Photographes amateurs et professionnels aiment aller sur ses traces. Car ce grand oiseau est très reconnaissable, la tête encapuchonnée d’une fourrure d’un blanc immaculé, d’où jaillissent des yeux de couleur jaune, fixes, ce qui l’oblige à regarder constamment autour de lui. C’est une vedette du Grand Nord. Or, le voici qui migre, on ne sait trop d’ailleurs pourquoi.

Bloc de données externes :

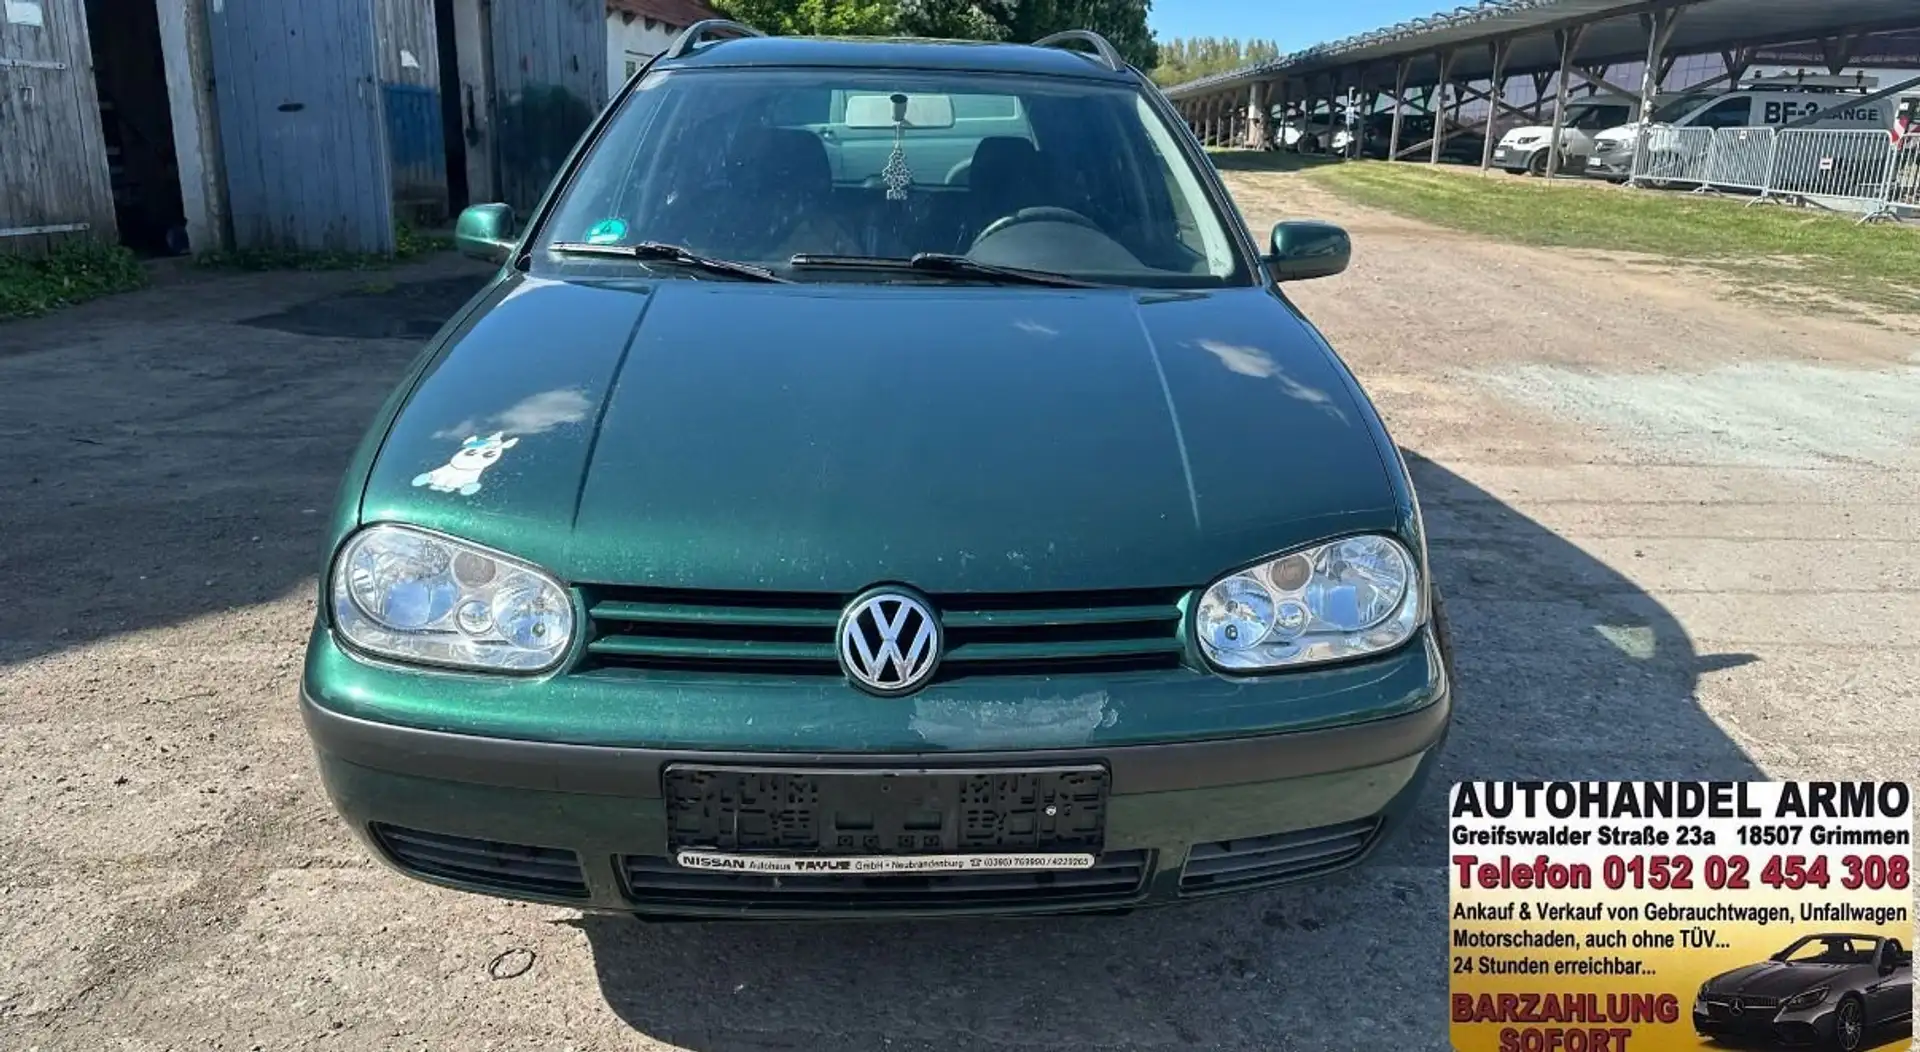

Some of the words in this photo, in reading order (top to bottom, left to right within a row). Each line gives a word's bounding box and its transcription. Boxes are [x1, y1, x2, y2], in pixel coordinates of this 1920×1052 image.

« America is owl crazy this year ! », l’Amérique est folle de rapaces nocturnes, note l’écologiste et journaliste Cornelia Carrier. Cet hiver, le Harfang des neiges a fait courir et jaser les ornithologues américains. Jamais, semble-t-il, il n’avait été tant vu, ni si loin au sud du pays. On l’a en repéré en nombre en effet « jusqu’en Caroline du Nord et en Oklahoma », relève-t-elle. Les scientifiques appellent cela une « irruption ». Denver Holt, chef de l’Institut de recherches sur les rapaces nocturnes du Montana, en perd son latin : « On attribue d’ordinaire ce phénomène à une chute brutale de la population de lemmings. Mais cette année, ce n’est pas le cas » ! Le lemming, c’est ce petit rongeur écervelé, pesant une centaine de grammes, qui pullule par milliards dans la toundra sous le tapis d’herbe et de mousse. Et qui, l’hiver, persiste à fouir sous la neige, au grand bonheur du harfang des neiges, l’un des rares rapaces à savoir chasser de jour comme de nuit. Lui est blanc pour mieux se fondre dans la neige. Elle est grise pour être moins visible au nid, souvent perché sur une touffe herbeuse dominant le permafrost inondé (sol gelé), qui fond en surface au printemps. Doublé de fin duvet, leur plumage tient chaud dans le froid polaire. Dès la mi-mai, quand vient la fonte, le couple copule et se partage la besogne. « Il semble, note la biologiste russe Irina Menyushina, que la vue des lemmings qui s’agitent sous leurs yeux déclenche leurs ardeurs. » Il chasse, plane en rase-mottes et fond sur sa proie en silence. Tandis qu’elle couve et dépèce les proies pour les petits. La densité des lemmings ayant explosé l’an dernier, les harfangs ont pu élever en moyenne sept petits par nid ! C’est peut-être pourquoi tant de juvéniles harfangs ont survécu et ont dû partir vers le Sud pour se nourrir…», selon Holt et ses collègues.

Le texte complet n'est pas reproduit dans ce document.